Sql-server – SSMS: Import from flat file (.csv)

importsql-server-2008-r2ssisssms

In SQL Server Management Studio (SSMS) 2008 R2, I wish to import a not-quite-properly formatted CSV into a database table. I was trying to use the wizard at <database name>->Tasks->Import Data.

Differences from the CSV "standard"

  1. null values are represented by a space between commas
  2. some fields have commas in the middle of them and are not quote-escaped
  3. there is a terminal comma on all lines except the header line (WTF??)

I eventually addressed these issues manually by editing the CSV prior to import. Issue 2 was fixed by replacing commas with dashes for the 4 families of cell values that were causing it. Issue 3 I addressed with a search-and-replace for those terminal commas. Issue 1, which was a problem for numeric fields, also with a search-and-replace , , -> ,,.

When my file did eventually import properly, null values were replaced with zeros, even though I had allowed null values in the field definitions.

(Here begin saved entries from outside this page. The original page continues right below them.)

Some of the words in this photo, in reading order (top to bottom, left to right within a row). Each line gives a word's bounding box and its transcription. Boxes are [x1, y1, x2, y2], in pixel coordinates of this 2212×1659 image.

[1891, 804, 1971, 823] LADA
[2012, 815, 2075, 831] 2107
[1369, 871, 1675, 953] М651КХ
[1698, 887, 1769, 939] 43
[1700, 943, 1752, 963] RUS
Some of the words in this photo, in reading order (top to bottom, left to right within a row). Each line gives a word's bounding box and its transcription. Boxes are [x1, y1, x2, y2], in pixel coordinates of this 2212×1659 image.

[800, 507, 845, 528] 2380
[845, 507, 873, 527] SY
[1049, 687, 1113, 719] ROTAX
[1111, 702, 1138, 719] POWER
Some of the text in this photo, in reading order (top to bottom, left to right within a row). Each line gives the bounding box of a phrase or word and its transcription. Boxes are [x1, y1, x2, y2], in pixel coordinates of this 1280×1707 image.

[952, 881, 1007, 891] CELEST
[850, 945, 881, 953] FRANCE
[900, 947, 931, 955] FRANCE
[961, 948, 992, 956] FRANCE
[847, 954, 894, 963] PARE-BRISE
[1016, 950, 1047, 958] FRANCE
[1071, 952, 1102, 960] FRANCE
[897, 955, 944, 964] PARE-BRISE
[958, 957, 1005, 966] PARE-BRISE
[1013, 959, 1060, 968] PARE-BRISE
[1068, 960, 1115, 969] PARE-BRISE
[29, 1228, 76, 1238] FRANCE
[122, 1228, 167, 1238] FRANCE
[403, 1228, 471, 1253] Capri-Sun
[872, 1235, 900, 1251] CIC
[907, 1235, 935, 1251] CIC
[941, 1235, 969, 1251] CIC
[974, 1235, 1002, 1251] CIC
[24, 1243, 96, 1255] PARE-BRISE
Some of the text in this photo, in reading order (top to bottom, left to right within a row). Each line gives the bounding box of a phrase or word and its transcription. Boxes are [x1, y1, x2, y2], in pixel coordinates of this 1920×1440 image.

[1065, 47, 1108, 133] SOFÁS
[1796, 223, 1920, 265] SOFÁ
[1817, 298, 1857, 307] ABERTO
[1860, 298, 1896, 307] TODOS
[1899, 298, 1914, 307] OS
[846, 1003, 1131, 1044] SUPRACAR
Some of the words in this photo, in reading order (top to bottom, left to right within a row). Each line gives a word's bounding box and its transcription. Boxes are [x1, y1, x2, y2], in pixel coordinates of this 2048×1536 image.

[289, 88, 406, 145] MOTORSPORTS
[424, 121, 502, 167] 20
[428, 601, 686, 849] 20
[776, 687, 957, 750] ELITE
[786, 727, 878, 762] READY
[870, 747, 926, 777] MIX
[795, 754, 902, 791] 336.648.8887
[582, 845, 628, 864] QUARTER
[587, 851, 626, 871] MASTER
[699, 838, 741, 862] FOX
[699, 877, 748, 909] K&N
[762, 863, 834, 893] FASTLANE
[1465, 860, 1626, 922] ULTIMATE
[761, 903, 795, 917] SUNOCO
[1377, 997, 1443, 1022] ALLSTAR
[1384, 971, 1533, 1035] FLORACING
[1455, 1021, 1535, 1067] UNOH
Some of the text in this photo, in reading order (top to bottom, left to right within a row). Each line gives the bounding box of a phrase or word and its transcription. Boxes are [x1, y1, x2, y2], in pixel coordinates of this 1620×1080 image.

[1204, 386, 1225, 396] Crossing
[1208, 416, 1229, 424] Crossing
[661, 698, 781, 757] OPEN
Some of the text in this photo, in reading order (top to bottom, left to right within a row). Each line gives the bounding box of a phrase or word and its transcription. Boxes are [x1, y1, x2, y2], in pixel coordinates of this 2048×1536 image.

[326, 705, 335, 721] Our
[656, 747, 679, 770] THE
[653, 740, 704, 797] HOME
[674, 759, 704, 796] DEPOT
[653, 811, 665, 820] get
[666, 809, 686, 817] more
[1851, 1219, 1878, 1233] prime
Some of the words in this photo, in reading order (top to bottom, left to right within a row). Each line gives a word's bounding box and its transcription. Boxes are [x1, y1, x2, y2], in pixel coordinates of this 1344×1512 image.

My basic question: is there a way that I can alter the code for CAST/CONVERT operations during an SSMS import? The only stage at which I could get to SQL code was in the field definitions of the created table (from Select Source Tables and Views->Edit Mappings->Edit SQL – which was available if and only if I hadn't changed the destination table name on the Select Source Tables page), but that was just for the CREATE TABLE definition and didn't address the import process at all. It really seems to me that I should be able to allow a single-character space string to be cast to a null value when converted to a number (instead the wizard fails and states that a value is out of bounds). Further, the null string certainly should be cast to the null value integer, rather than 0.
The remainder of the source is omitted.